文章目录
一、ajax的get请求
豆瓣电影(第一页)
需求:爬取豆瓣电影排行版第一页
打开检查
找到第一页电影的数据
开始编写代码
- get请求,获取豆瓣电影的第一页数据,并且保存起来
url = 'https://movie.douban.com/j/chart/top_list?type=5&interval_id=100:90&action=&start=0&limit=20'
headers = {
'User-Agent': 'Mozilla/5.0 (Windows NT 10.0; Win64; x64; rv:106.0) Gecko/20100101 Firefox/106.0'
}
2.请求对象的定制
request = urllib.request.Request(url=url, headers=headers)
3.获取响应数据
response = urllib.request.urlopen(request)
content = response.read().decode('utf-8')
4.数据下载到本地(方法一)
fp = open('douban.json', 'w', encoding='utf-8')
fp.write(content)
(方法二)
with open('douban1.json', 'w', encoding='utf-8') as fp:
fp.write(content)
总代码:
import urllib.request
url = 'https://movie.douban.com/j/chart/top_list?type=5&interval_id=100:90&action=&start=0&limit=20'
headers = {
'User-Agent': 'Mozilla/5.0 (Windows NT 10.0; Win64; x64; rv:106.0) Gecko/20100101 Firefox/106.0'
}
request = urllib.request.Request(url=url, headers=headers)
response = urllib.request.urlopen(request)
content = response.read().decode('utf-8')

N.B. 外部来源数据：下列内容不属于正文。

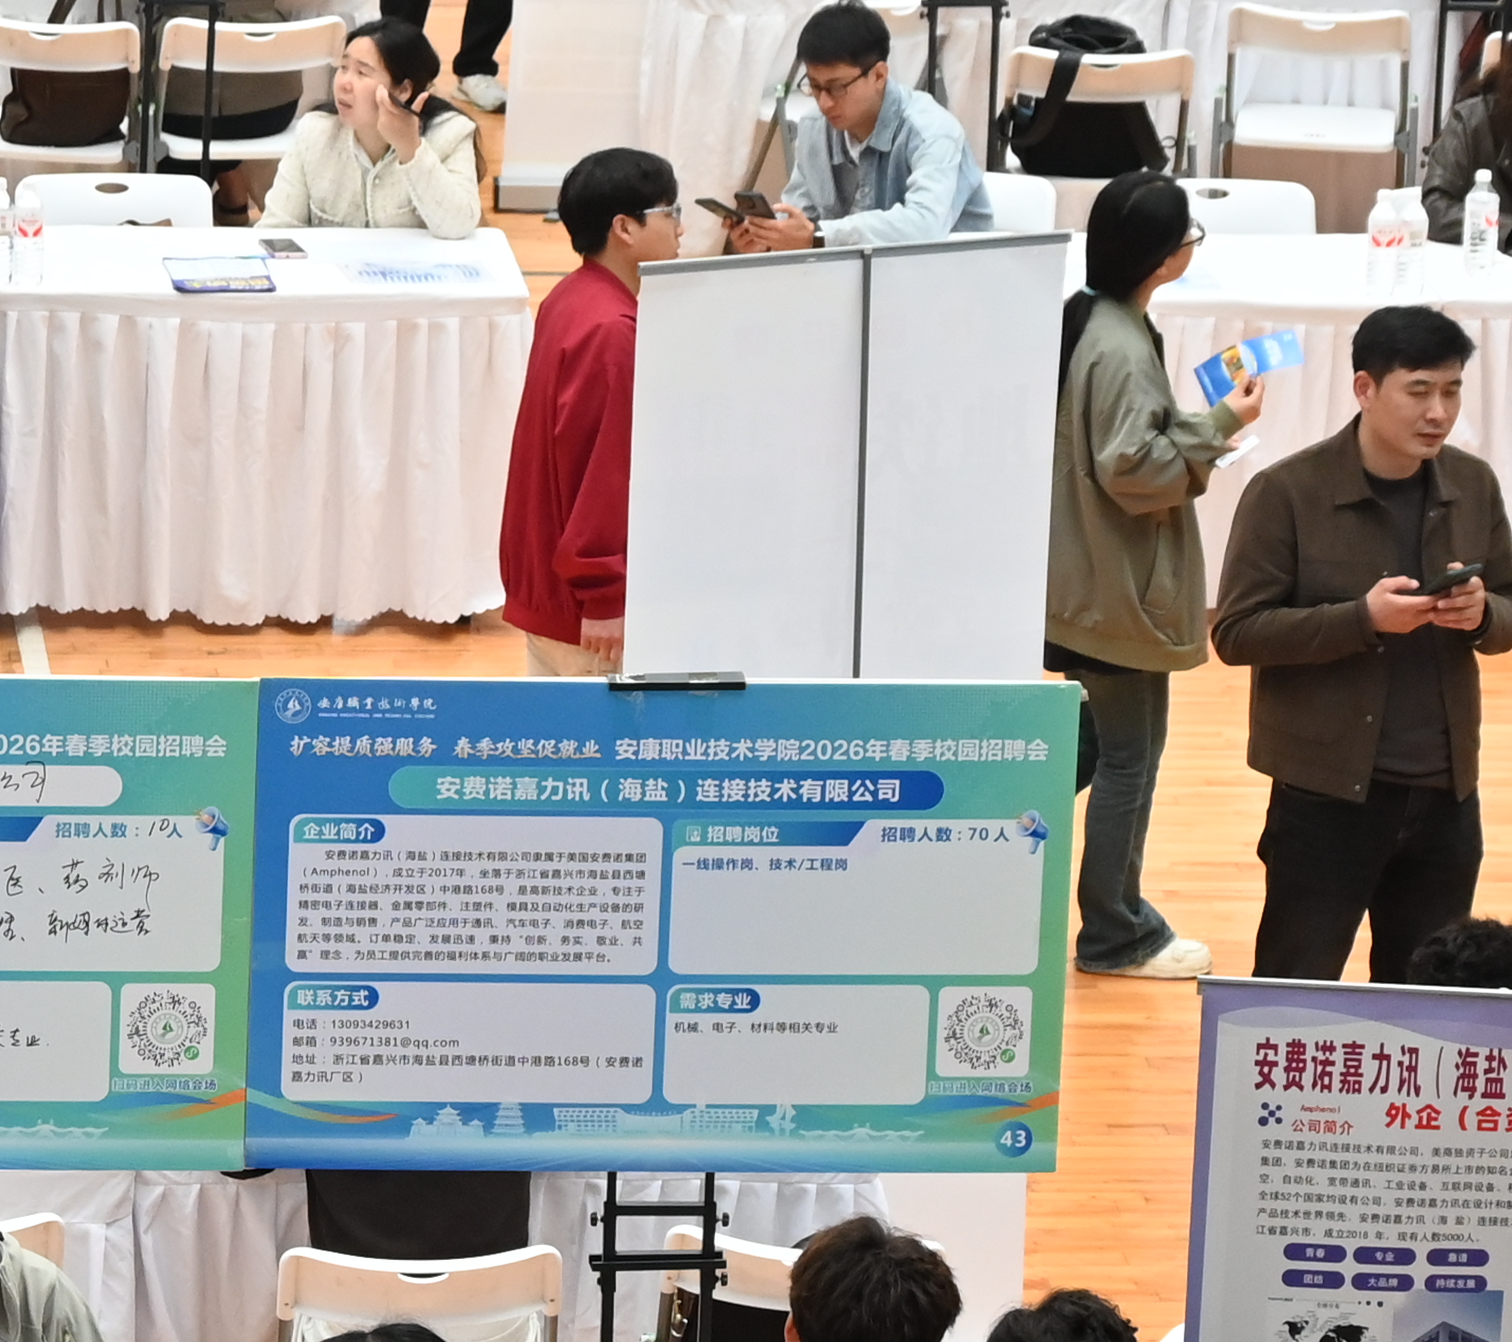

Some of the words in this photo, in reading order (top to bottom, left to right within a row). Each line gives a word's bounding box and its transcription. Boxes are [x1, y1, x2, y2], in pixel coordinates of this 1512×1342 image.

[289, 736, 438, 760] 扩容提质强服务
[614, 738, 1049, 764] 安康职业技术学院2026年春季校园招聘会
[435, 775, 902, 807] 安费诺嘉力讯（海盐）连接技术有限公司
[301, 822, 376, 842] 企业简介
[705, 824, 780, 845] 招聘岗位
[681, 857, 849, 874] 一线操作岗、技术/工程岗
[296, 987, 370, 1008] 联系方式
[678, 990, 753, 1012] 需求专业
[673, 1020, 840, 1036] 机械、电子、材料等相关专业
[1291, 1118, 1355, 1135] 公司简介
[999, 1130, 1028, 1149] 43
[1373, 1249, 1396, 1263] 专业
[1367, 1275, 1399, 1288] 大品牌

# fp = open('douban.json', 'w', encoding='utf-8')
# fp.write(content)
# 另一种方法获取json数据
with open('douban1.json', 'w', encoding='utf-8') as fp:
fp.write(content)
运行数据:
豆瓣电影(前十页)
观察每一页的接口
第一页
第二页
第三页
可以观察到规律
start=XX 不一样
page 1 2 3 4
start 0 20 40 60
所以 start (page - 1) * 20
开始编写代码
三个步骤:
- 请求对象定制
- 获取响应数据
- 数据下载到本地
编写程序的入口(输出页面1-10)
if __name__ == '__main__':
start_page = int(input("请输入起始的页码:"))
end_page = int(input("请输入结束的页码:"))
for page in range(start_page, end_page+1):
print(page)
定制请求对象,每一页都有自己请求对象的定制
# 创建一个方法(这里传入一个page参数,为了函数中能进行使用)
creat_request(page)
创建定制对象的方法函数
def creat_request(page):
base_url = 'https://movie.douban.com/j/chart/top_list?type=5&interval_id=100:90&action=&'
# 这里是get请求,所以url是可以进行拼接的
data = {
'start': (page - 1) * 20,
'limit': 20
}
# 进行拼接,get请求后面不需要+encode
data = urllib.parse.urlencode(data)
url = base_url + data
print(url)
headers = { 'User-Agent': 'Mozilla/5.0 (Windows NT 10.0; Win64; x64; rv:106.0) Gecko/20100101 Firefox/106.0'}
输出1-10页的页面的地址
在函数里进行请求对象的定制(定义10个request)
request = urllib.request.Request(url=url, headers=headers)
第二步,获取响应的数据(定义函数)
def get_content():
response = urllib.request.urlopen()
在获取响应的数据的函数中,需要用到request,所以这时候我们得用到返回值!
在定制对象的函数中,要返回request
在主函数中得接收request
request = creat_request(page)
并传给获取响应数据的方法中
get_content(request)
这时候,获取响应数据的方法函数就可以使用request参数
def get_content(request):
response = urllib.request.urlopen(request)
第三步:下载数据
# 定义方法
down_load()
和上一步一样,在down_load()方法中需要用到content,page参数,记得传参!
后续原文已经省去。